There's Adobe Premiere Elements and Corel's Ulead VideoStudio 10 Plus, as well as the subject of this evaluation, Pinnacle Studio Plus 11. Pinnacle was purchased a couple of years back by the professional video software and hardware company Avid, and some of the pro code is said to have found its way into this enthusiast product.
Pinnacle Studio Plus 11 comes on two DVDs, one containing the program itself and some sample files, and the other with extra goodies, such as transitions and video clips. There's also a 300-page manual to get through, which unusually doesn't mean 30 pages written in 10 different languages. It's well written and well illustrated, though in places a little technical for the beginner.
HD for all
There are three distinct phases to preparing a video and these are reflected in the tabs across the top of the screen: Capture, Edit and Make movie. The Capture screen deals with uploading video clips from a video camera, DVD or disk file and highlights one of the main innovations in the program.

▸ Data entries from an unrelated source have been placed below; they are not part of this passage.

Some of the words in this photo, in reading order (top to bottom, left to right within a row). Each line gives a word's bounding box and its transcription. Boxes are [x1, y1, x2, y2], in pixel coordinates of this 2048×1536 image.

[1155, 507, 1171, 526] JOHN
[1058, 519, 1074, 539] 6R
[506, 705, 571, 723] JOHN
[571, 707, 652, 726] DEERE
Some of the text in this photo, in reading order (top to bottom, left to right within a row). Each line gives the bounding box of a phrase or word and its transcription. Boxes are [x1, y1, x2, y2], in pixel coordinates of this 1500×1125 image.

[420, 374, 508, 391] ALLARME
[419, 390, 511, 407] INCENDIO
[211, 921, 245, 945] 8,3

Pinnacle Studio Plus 11 is completely HD compatible, so you can load material in HDV format, but also in Advanced Video Codec High Density (AVCHD) format, designed for Blu-ray discs.
Rather than using any system of proxies, and assuming your PC has the specification to handle it, the software can capture, edit and burn HD video. Even without an HD or Blu-ray drive in your system, you can burn 20 minute HD videos to standard DVDs, in much the same way you could burn short, standard-definition videos to CDs, before the mass adoption of DVD writers.

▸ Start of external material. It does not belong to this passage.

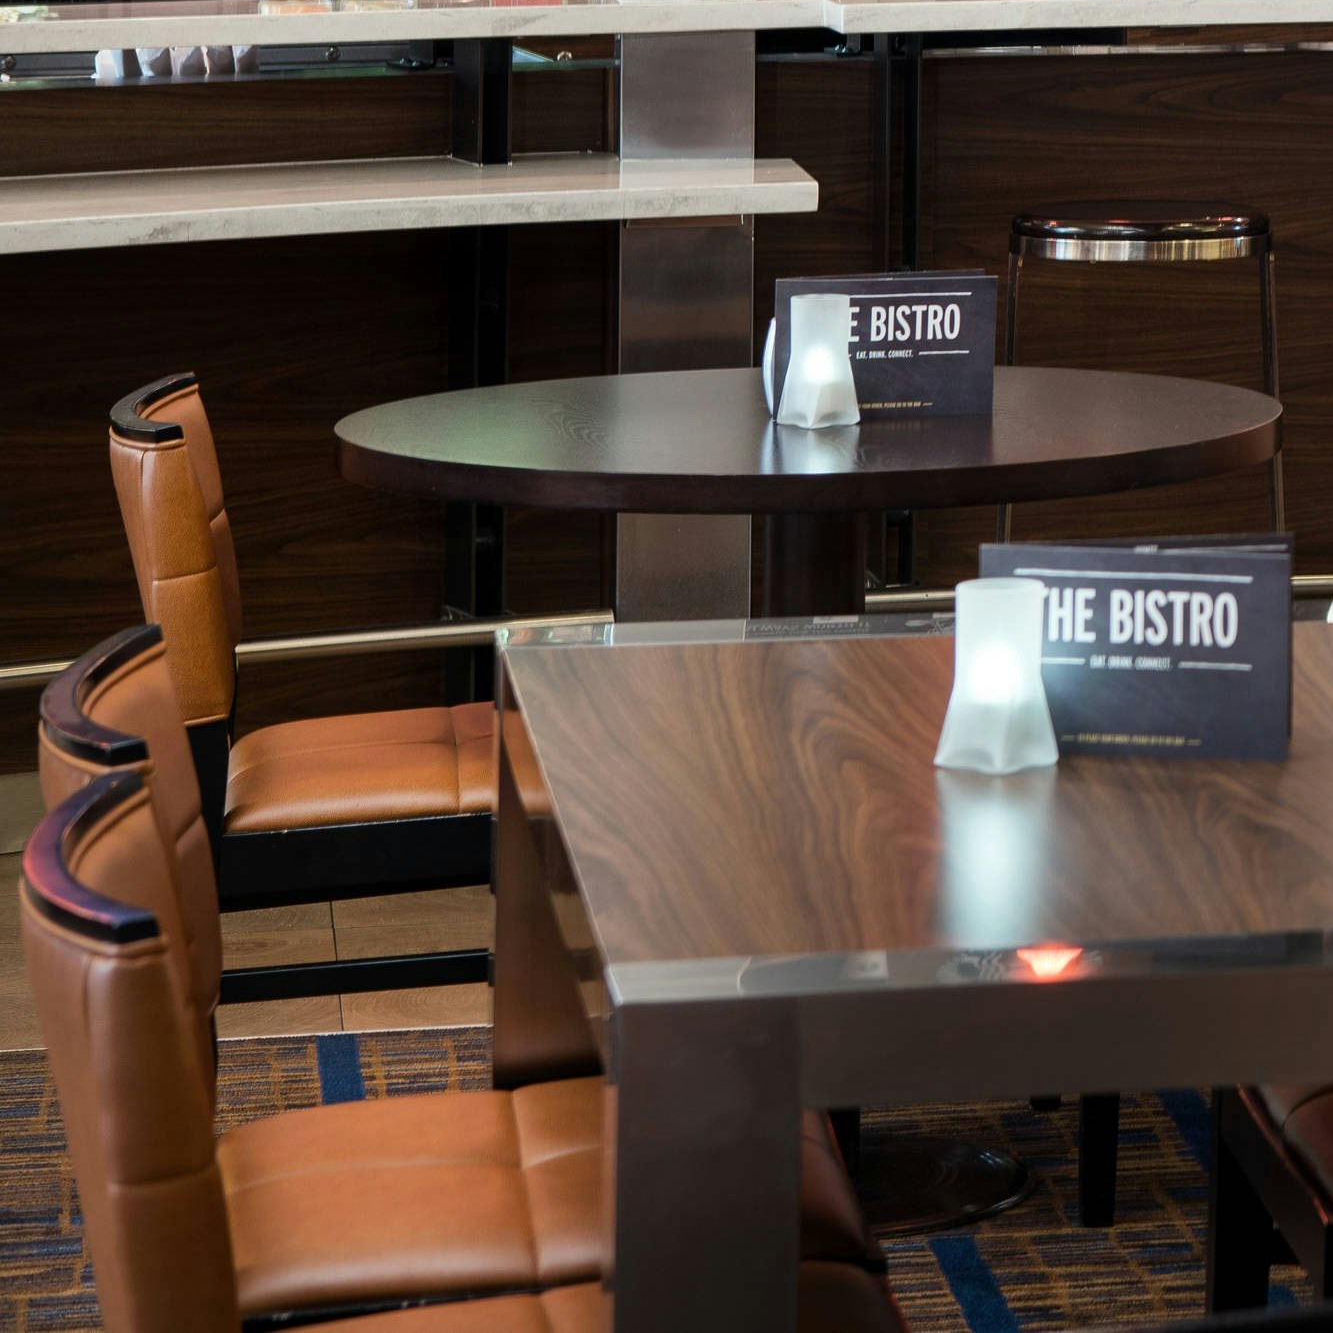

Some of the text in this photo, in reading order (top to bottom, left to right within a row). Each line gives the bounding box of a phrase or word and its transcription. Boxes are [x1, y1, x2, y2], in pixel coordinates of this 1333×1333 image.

[870, 304, 960, 342] BISTRO
[856, 350, 913, 359] EAT. DRINK. CONNECT.
[1110, 589, 1239, 649] BISTRO

HD video demands a reasonably capable PC and a dual-core processor with 1GB of main memory (2GB for Vista) and a 128MB graphics card is recommended. Storing and burning HD video takes around 12.5GB per hour, so you'll need substantial hard drive storage, as well.
The bigger picture
Pinnacle Studio's main editing screen looks superficially similar to previous versions, with a preview panel on the right, thumbnails of video clips on the left and a storyboard at the bottom.
The thumbnails can be overlaid with other panels, specific to the work your doing, so there's one for soundtracks and another for transitions, for example. The storyboard can be exchanged, too, for a multi-channel timeline or a simple file list of video clips, in running order.